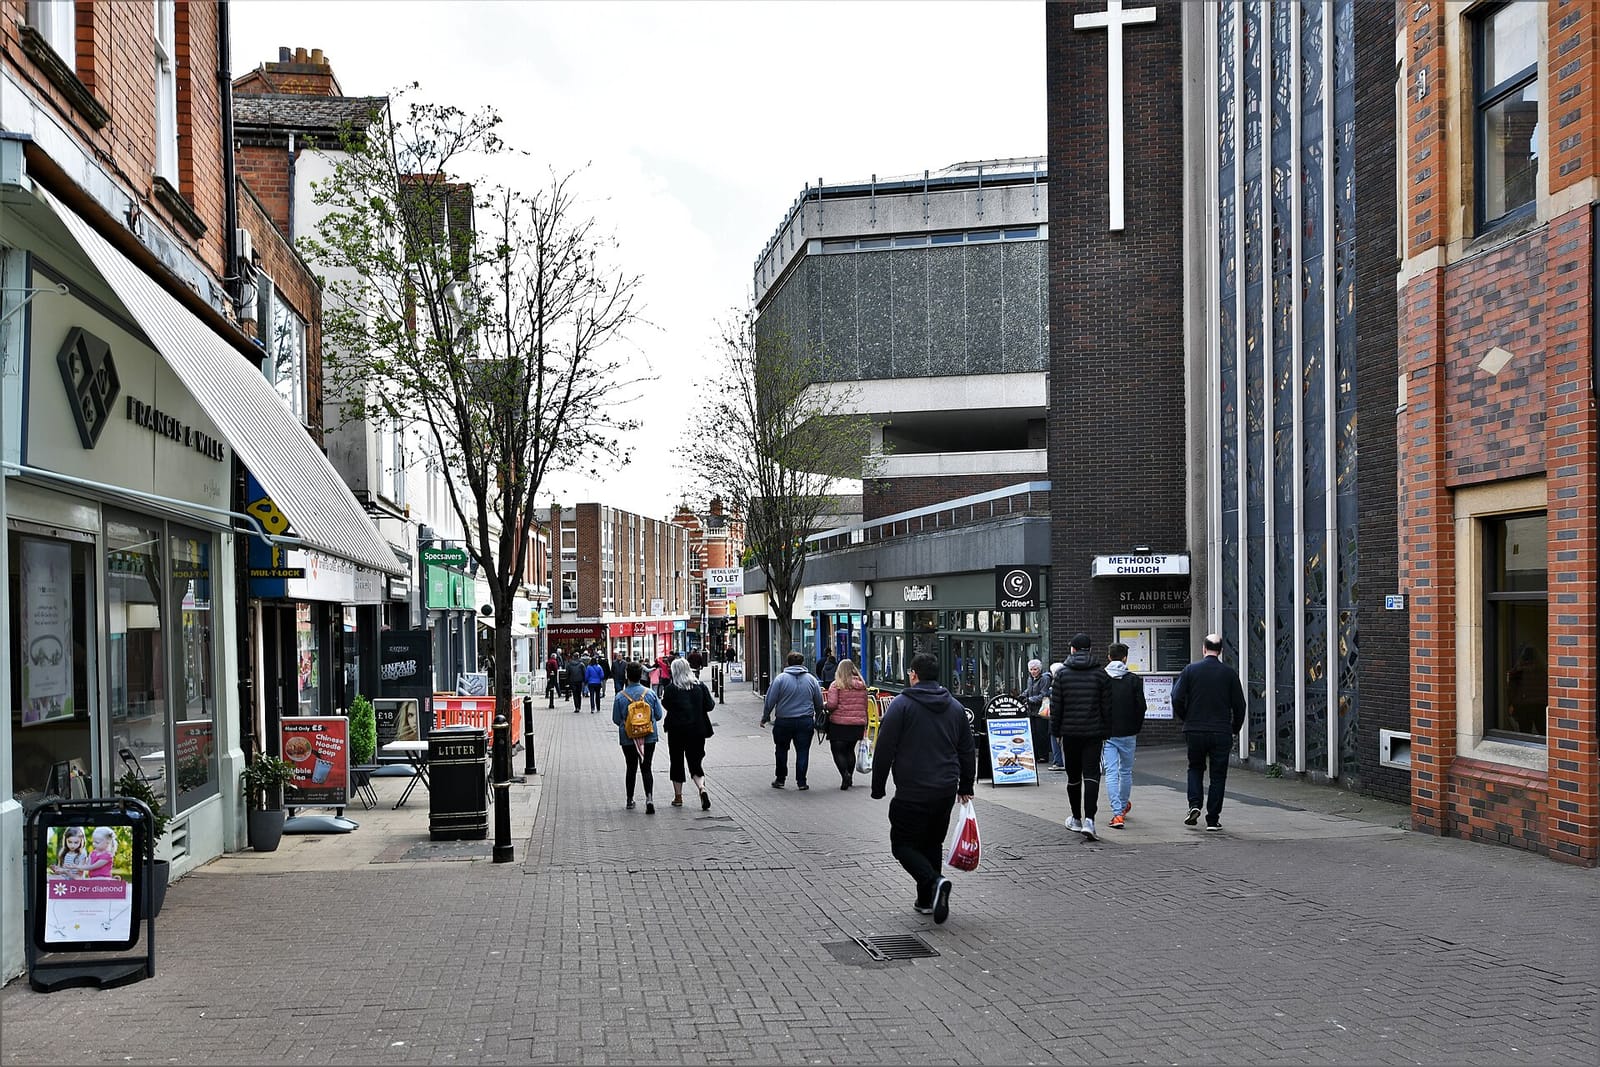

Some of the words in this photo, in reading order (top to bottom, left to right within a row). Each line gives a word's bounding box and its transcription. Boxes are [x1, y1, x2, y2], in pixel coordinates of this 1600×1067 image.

[126, 395, 182, 442] FRANCIS
[184, 426, 193, 447] &
[195, 430, 225, 462] WILLS
[424, 552, 462, 560] Specsavers
[1108, 556, 1167, 564] METHODIST
[1116, 566, 1160, 574] CHURCH
[1119, 591, 1135, 601] ST.
[1139, 590, 1188, 601] ANDREWS
[994, 697, 1026, 713] ANDREWS
[378, 711, 394, 720] £18
[315, 734, 344, 744] Chinese
[315, 740, 342, 751] Noodle
[438, 745, 475, 756] LITTER
[317, 748, 336, 758] Soup
[69, 885, 77, 893] D
[78, 885, 90, 893] for
[91, 885, 123, 893] diamond

──────────

▸ **Exercise details**
Print each entry above verbatim, pictures left out.

▸ **Answer to this exercise**
Some of the words in this photo, in reading order (top to bottom, left to right within a row). Each line gives a word's bounding box and its transcription. Boxes are [x1, y1, x2, y2], in pixel coordinates of this 1600×1067 image.

[126, 395, 182, 442] FRANCIS
[184, 426, 193, 447] &
[195, 430, 225, 462] WILLS
[424, 552, 462, 560] Specsavers
[1108, 556, 1167, 564] METHODIST
[1116, 566, 1160, 574] CHURCH
[1119, 591, 1135, 601] ST.
[1139, 590, 1188, 601] ANDREWS
[994, 697, 1026, 713] ANDREWS
[378, 711, 394, 720] £18
[315, 734, 344, 744] Chinese
[315, 740, 342, 751] Noodle
[438, 745, 475, 756] LITTER
[317, 748, 336, 758] Soup
[69, 885, 77, 893] D
[78, 885, 90, 893] for
[91, 885, 123, 893] diamond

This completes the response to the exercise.